Burns makes clear that Roosevelt was a progressive in the tradition of Woodrow Wilson but was without strong ideas or a specific agenda. According to Burns: "The presidency, Roosevelt said shortly after his election, `is preeminently a place of moral leadership.'" Retired Supreme Court Justice Oliver Wendell Holmes offered this cutting assessment: "A second -class intellect, but a first-class temperament." Action to combat the depression was necessary to restore public confidence in government, and the first Hundred Days of Roosevelt's first term was one of the great periods of legislative achievement in American history. Burns writes: "Roosevelt was following no master program." However, in Burns's view: "The classic test of greatness in the White House has been the chief executive's capacity to lead Congress." According to that test, Roosevelt was a great president. Burns writes that, "[i]n his first two years in office Roosevelt achieved to a remarkable degree the exalted position of being President of all the people." Burns explains: "A remarkable aspect of the New Deal was the sweep and variety of the groups it helped."

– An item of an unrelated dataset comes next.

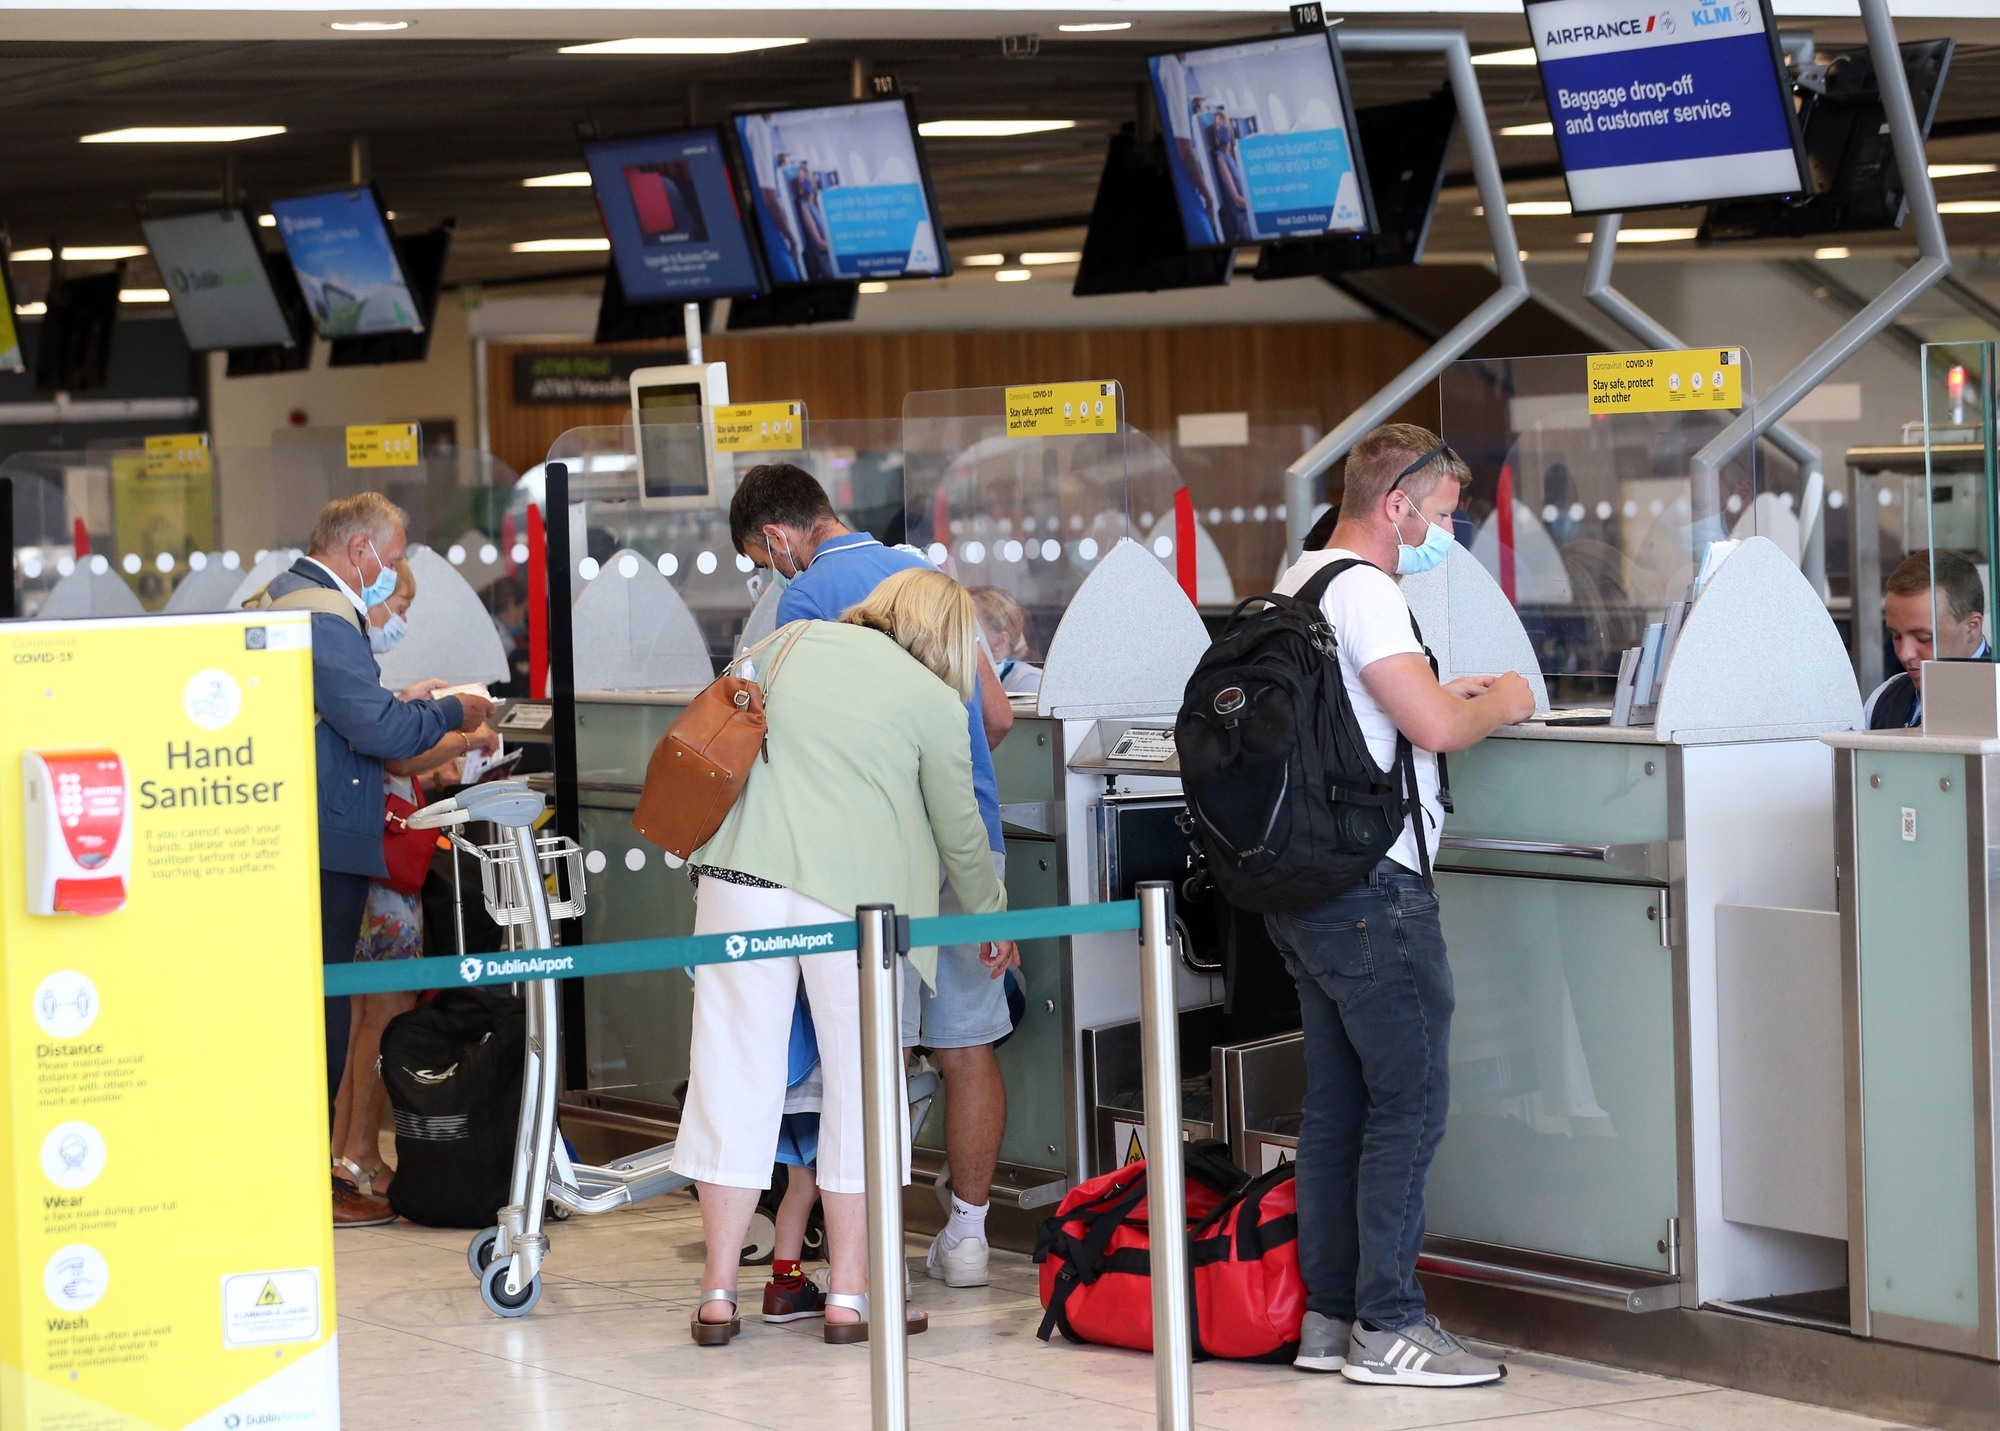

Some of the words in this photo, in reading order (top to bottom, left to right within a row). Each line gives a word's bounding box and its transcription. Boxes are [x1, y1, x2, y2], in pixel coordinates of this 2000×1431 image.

As early as 1934, however, organized conservative opposition to the New Deal was forming. (A newspaper cartoon reprinted here shows a figure identified as the Republican Party holding a sign stating: "Roosevelt is a Red!") Roosevelt was increasingly attacked as a traitor to his class, but a large measure of his genius was his ability to hold the more extreme elements of the New Deal in check. Roosevelt's political skills were tested in every way. For instance, Burns writes that Senator Robert Wagner's National Labor Relations Act, which proposed to"[vest] massive economic and political power in organized labor" "was the most radical legislation passed during the New Deal." According to Burns, Roosevelt's initial reaction to the bill was "invariably cool or evasive," and the president, with what Burns describes as "typical Rooseveltian agility," announced his support for the bill only after its passage was certain. Burns demonstrates that Roosevelt's support, both in Congress and among the public, gradually eroded in the late 1930s, but he was, of course, elected again in 1940 and 1944. Roosevelt's nomination in 1940 was especially skillful. Many in his own party favored maintaining the tradition of limiting presidents to two terms, and Democratic Party leaders lined up in the hope of succeeding Roosevelt. Roosevelt outfoxed all of them and was elected to his historic third term.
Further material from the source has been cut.